Spinning around, she flies to the counter to collect our first conquest, bollito di manzo. Minutes later, she presents us with freshly baked rolls piled with thin folds of pink brisket, complemented with a layer of salsa verde and a dash of salsa picante. The flavors and textures meld in a complicated love story — herby, tender, fiery and strong.
After this hearty start, we stop by a pasta stall to watch workers cut fresh strands of golden linguine and pappardelle. Then we slowly wind through the market past troughs of sundried tomatoes, garlic and peppers, to a fruit stand where we cleanse our palates with figs in preparation for a deep dive into cheese and balsamic vinegar.
Perini Gastronomia, a gourmet market shop stocked wall-to-wall with wine, olive oil and balsamic vinegar, provides the backdrop for our next gastronomic invasion. Mazzaglia serves us a glass of Chianti while the shopkeeper prepares a cutting board with three rows of crostini toscani, Italian bread topped with truffle butter, tomato chutney and chicken liver paté.
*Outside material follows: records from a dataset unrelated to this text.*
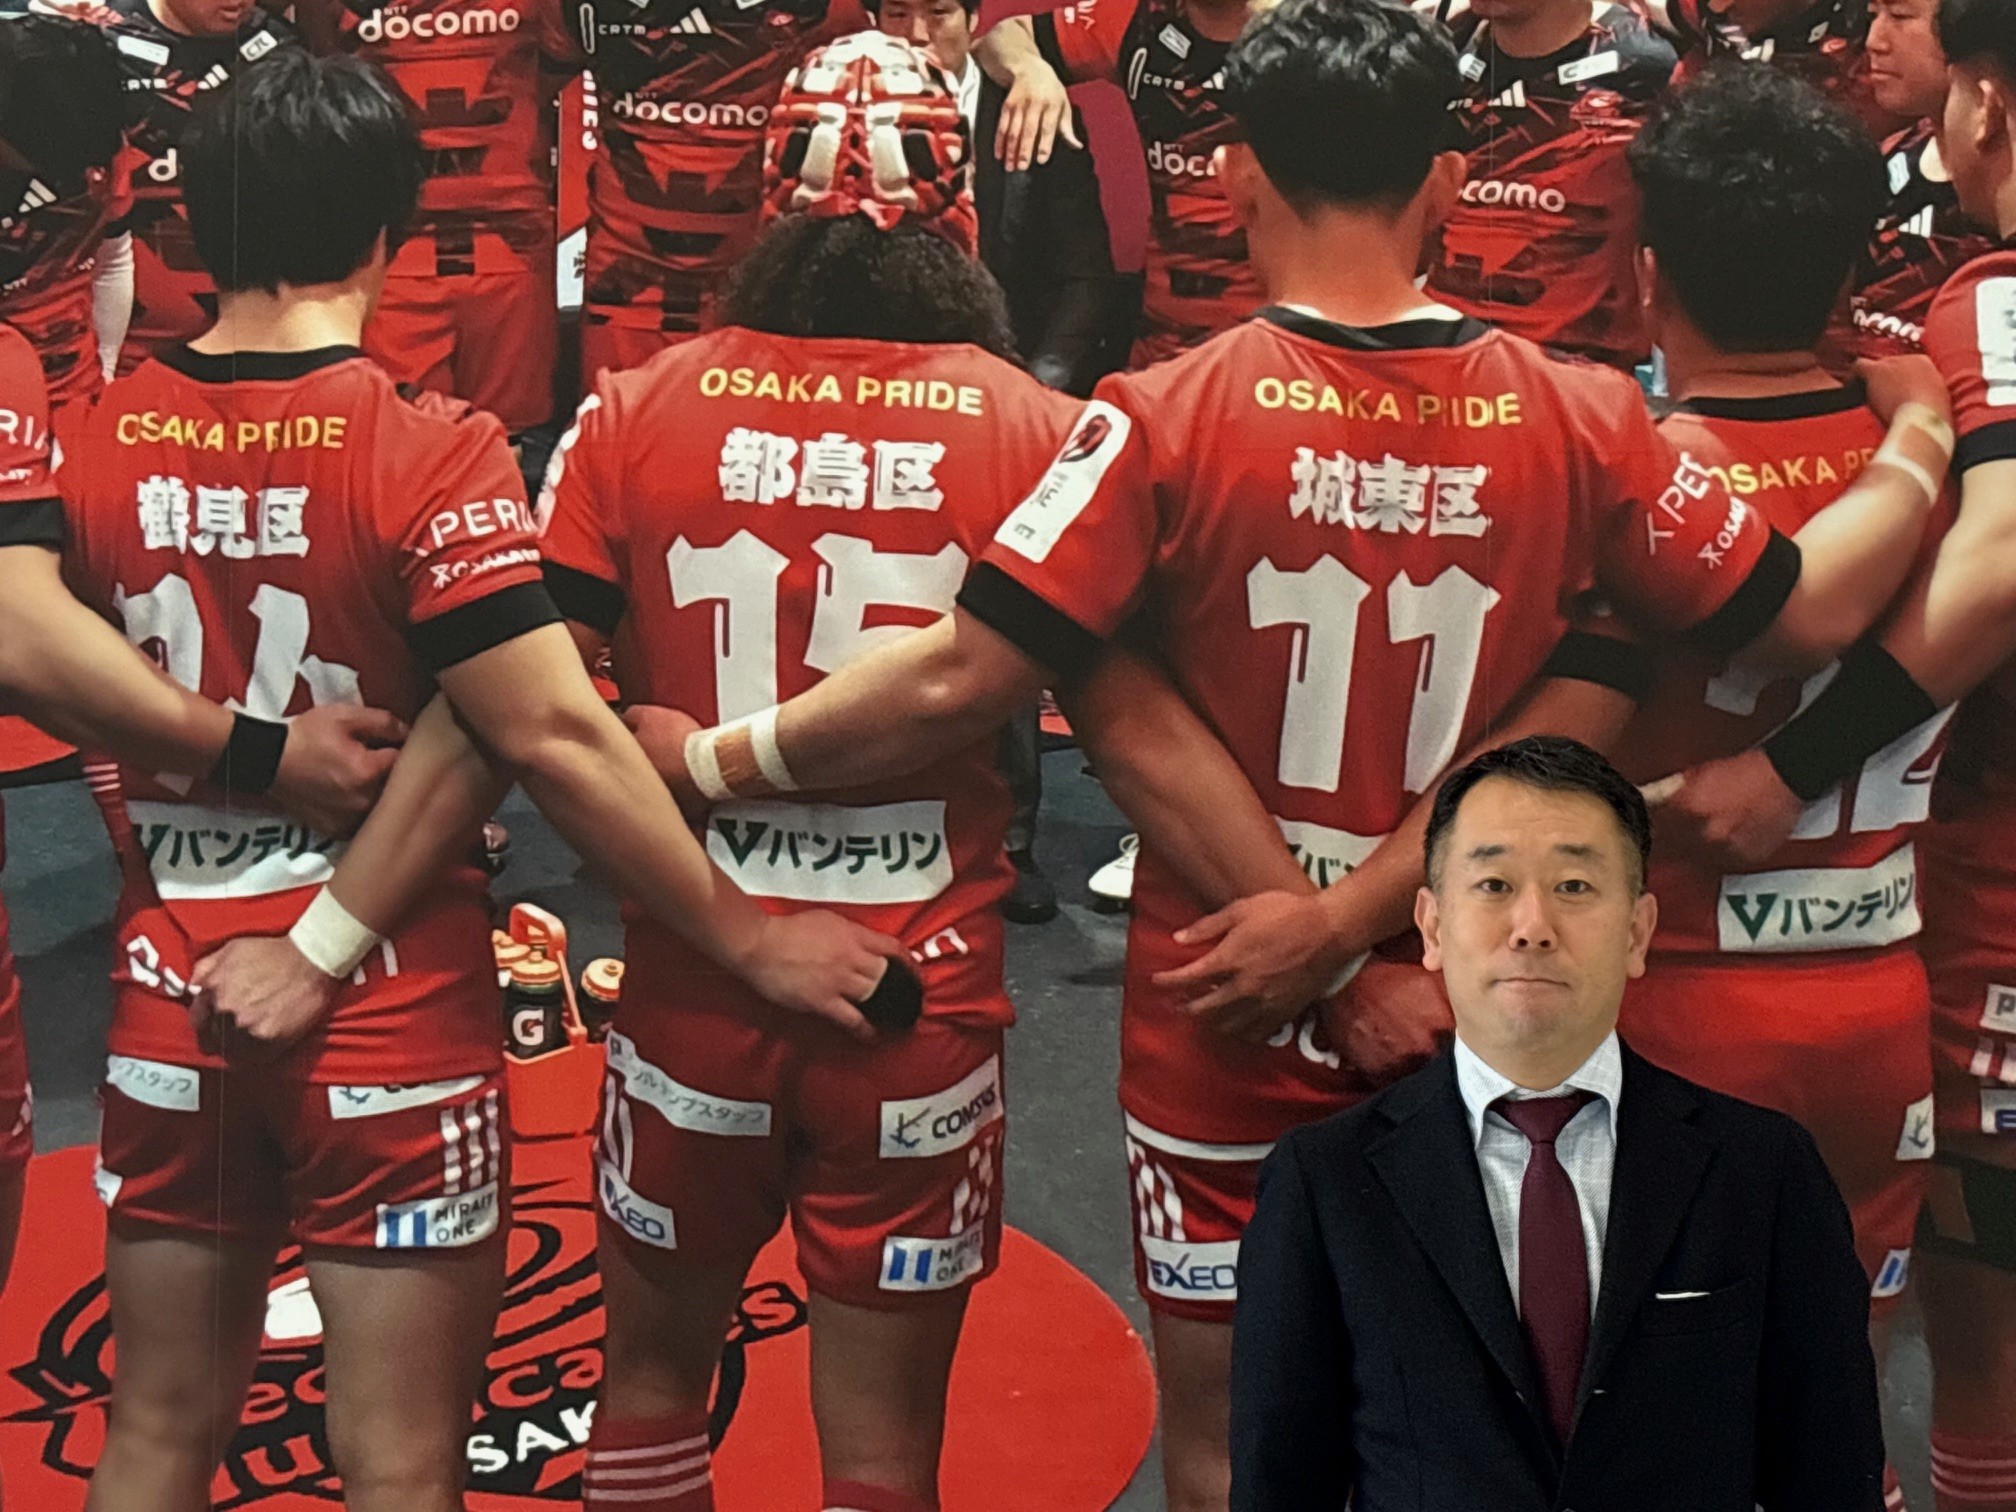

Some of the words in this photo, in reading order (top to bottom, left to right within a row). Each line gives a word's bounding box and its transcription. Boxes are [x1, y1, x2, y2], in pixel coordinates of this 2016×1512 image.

[358, 9, 520, 42] docomo
[613, 91, 769, 127] docomo
[1458, 179, 1566, 213] como
[700, 367, 842, 403] OSAKA
[856, 375, 984, 417] PRIDE
[1254, 377, 1402, 423] OSAKA
[1416, 392, 1522, 428] PIDE
[116, 411, 224, 452] OSAKA
[718, 426, 946, 511] 都島区
[1288, 446, 1493, 537] 城東区
[1246, 553, 1502, 795] 11
[168, 825, 335, 868] バンテリ
[768, 829, 941, 873] バンテリン
[1779, 873, 1915, 936] バンテリン
[436, 1219, 476, 1243] ONE
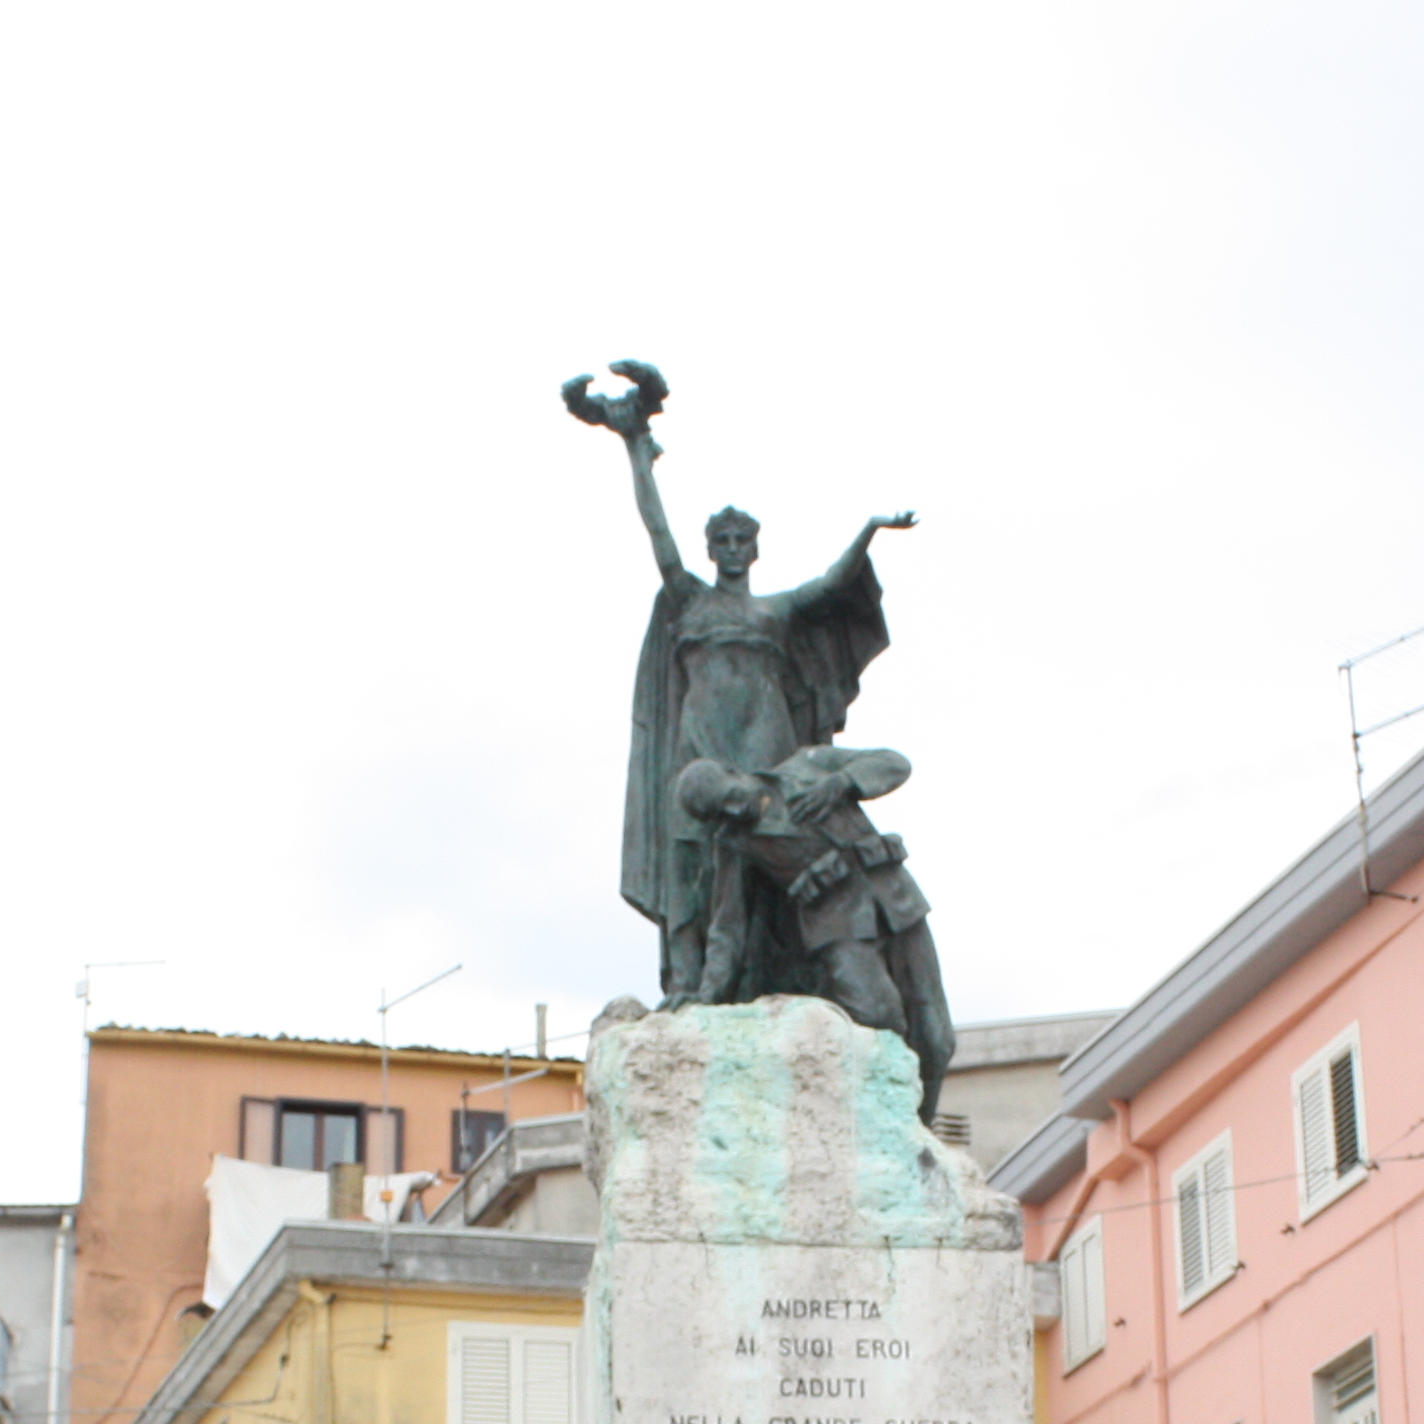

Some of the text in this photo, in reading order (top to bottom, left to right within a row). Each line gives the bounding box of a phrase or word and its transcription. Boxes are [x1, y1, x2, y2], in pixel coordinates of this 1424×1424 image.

[761, 1298, 883, 1321] ANDRETTA
[734, 1337, 911, 1360] AI SUOI EROI
[779, 1377, 866, 1399] CADUTI
My friend and I moan between bites and do what Mazzaglia dubs the "yummy food boogie," an eyes-closed, raise-the-roof jig.
The two of us are still swooning over the crostini when another board arrives, bearing slices of aged pecorino, or sheep's cheese, bathed in truffle-infused honey, as well as chunks of parmigiano-reggiano drizzled with balsamic vinegar. The pecorino bite unites earthy with sweet, while the parmigiano number pits fruity against tangy, finishing with a subtle kick at the back of the throat.
"That's the neck-gasm," Mazzaglia laughs.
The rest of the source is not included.